THE WAXWORKS MURDER - John Dickson Carr

























"In the eerie green light of a sepulchral old museum of waxworks the French detective stumbles across the body of a young girl with a knife in her back placed in the arms of a sinister figure of the Satyr of the Seine.  That same morning the body of another young girl had been found stabbed in the back, floating on the Seine river."

From 1932 we have a  good mystery by John Dickson Carr aka Carter Dickson aka Carr Dickson aka Roger Fairbain aka "the master of the locked room mystery".

This isn't quite a locked room mystery but its a very good one with all the clues to the killer laid out before the reader.  The reader just has to take notes to track of the clues laid out for him.

Anything by Carr is worth reading and his books are still seen often in second hand stores, church fetes etc.

This isn't 'The Name of the Rose"  but its quality writing by a person who knew his stuff.

Friday, January 6, 2017

CARRY ON, JEEVES - P.G Wodehouse

























A collection of ten Jeeves and Wooster stories first published in 1925.  This includes the tale where Jeeves is first employed by Bertie another told in the first person by Jeeves.
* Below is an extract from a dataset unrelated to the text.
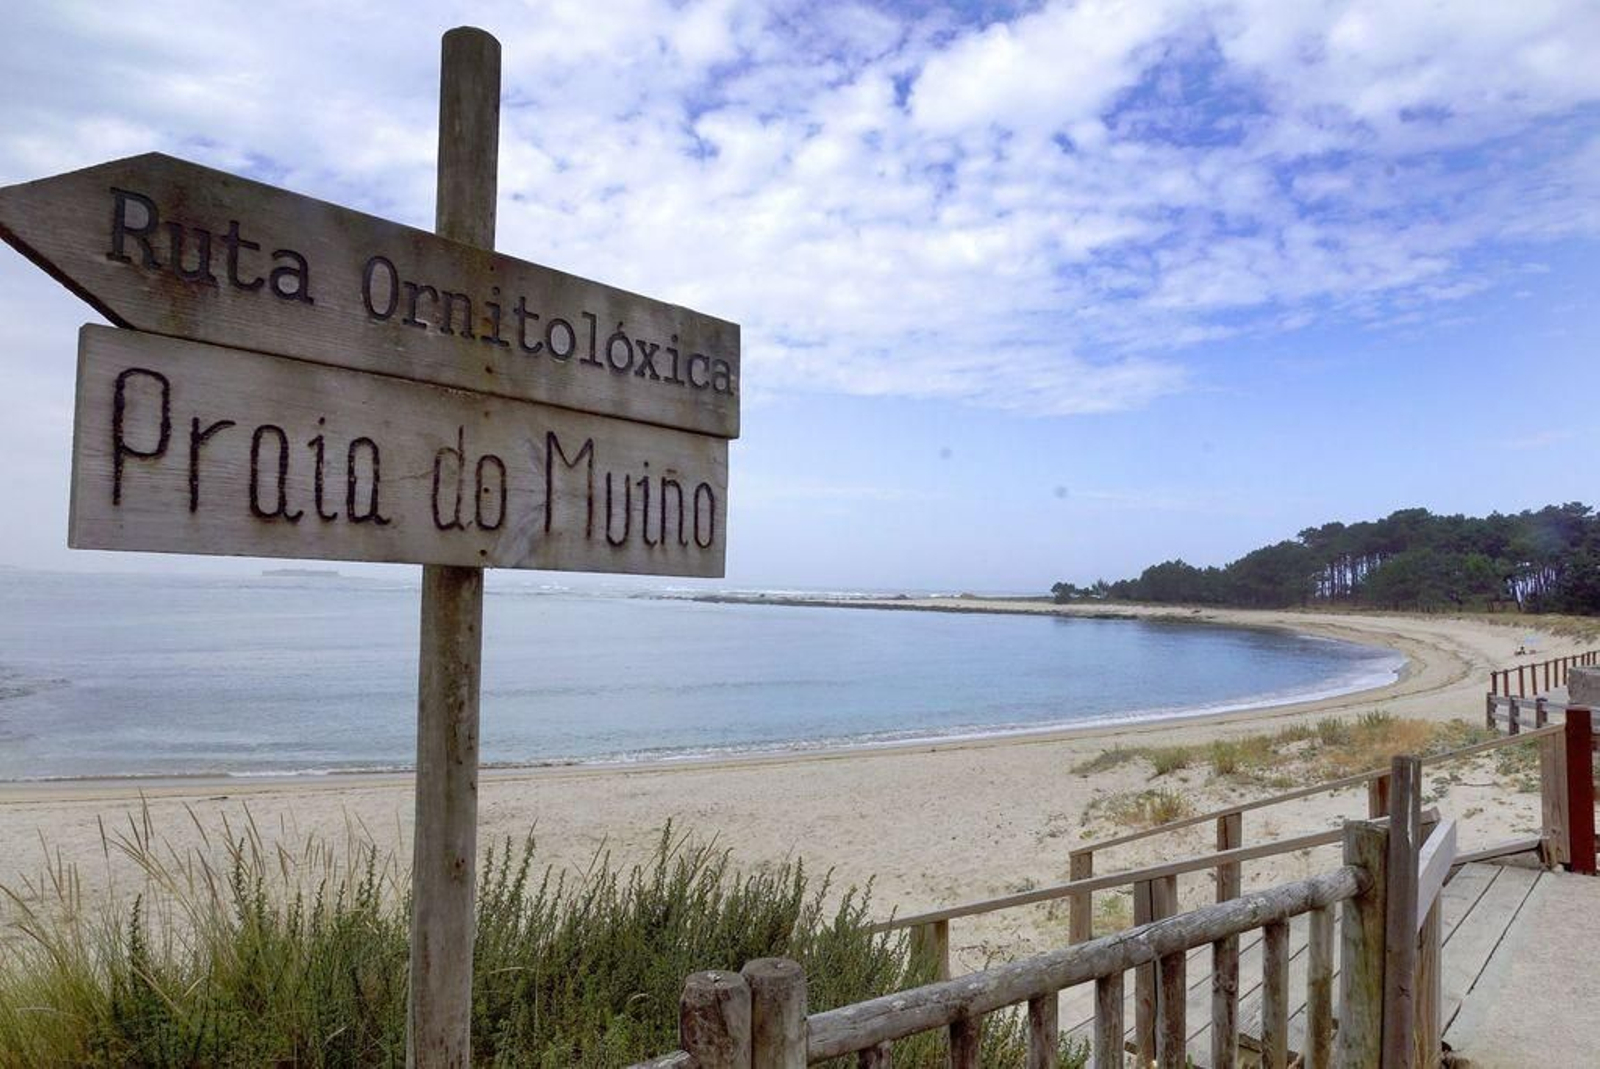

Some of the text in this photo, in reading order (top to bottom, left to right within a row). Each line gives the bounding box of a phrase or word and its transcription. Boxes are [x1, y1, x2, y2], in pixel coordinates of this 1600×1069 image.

[106, 187, 734, 396] Ruta Ornitolóxica
[112, 368, 715, 549] Praia do Muiño
As always great fun - Wodehousian land is a wonderful place to visit.

Wednesday, January 4, 2017

ROBINSON CRUSOE - Daniel Defoe

























Finally got around to reading this and what a top adventure.  Initially thought the ruminations of someone living alone one an island alone 24 of 28 years might be a struggle but its not.

Crusoe had several adventures prior to being ship wrecked, in fact he's so unlucky if you knew he was getting on your boat you'd wait for a later sailing.  Our hero is never content , instead of settling for a comfortable life at home he insists on taking risks and this is how he ends up on his island.

Its great reading how he copes and sets up his life and ends up living alone for 24 years before life comes back to him.

There is much introspection and it his faith in God that sees him survive.  This novel is 300 years old and God was still a big part of this in the early 18th century.

This is seen as the first English novel and reading it is highly recommended, its never dull.

Monday, January 2, 2017

FRANKENSTEIN - Mary Shelley

























"The story of Victor Frankenstein, a young student, who learns the secret of imparting life.  Armed with this secret, he constructs a creature out of parts of the corpses he manages to obtain from churchyards and dissecting rooms.

Once animated, the creature longs for human contact, but finds himself shunned by all...."

This is nothing like the hundreds of movie and TV incarnations of the 'Monster'. In this book Frankenstein is as much a monster as his creature- a tale of vanity and misplaced ambition which results in a terrible revenge on innocents. This revenge is the most cold blooded and directed I've ever read, this is the terrifying thing about the entire book; calculated revenge, the worst type.

The moral for me -always pay your bills.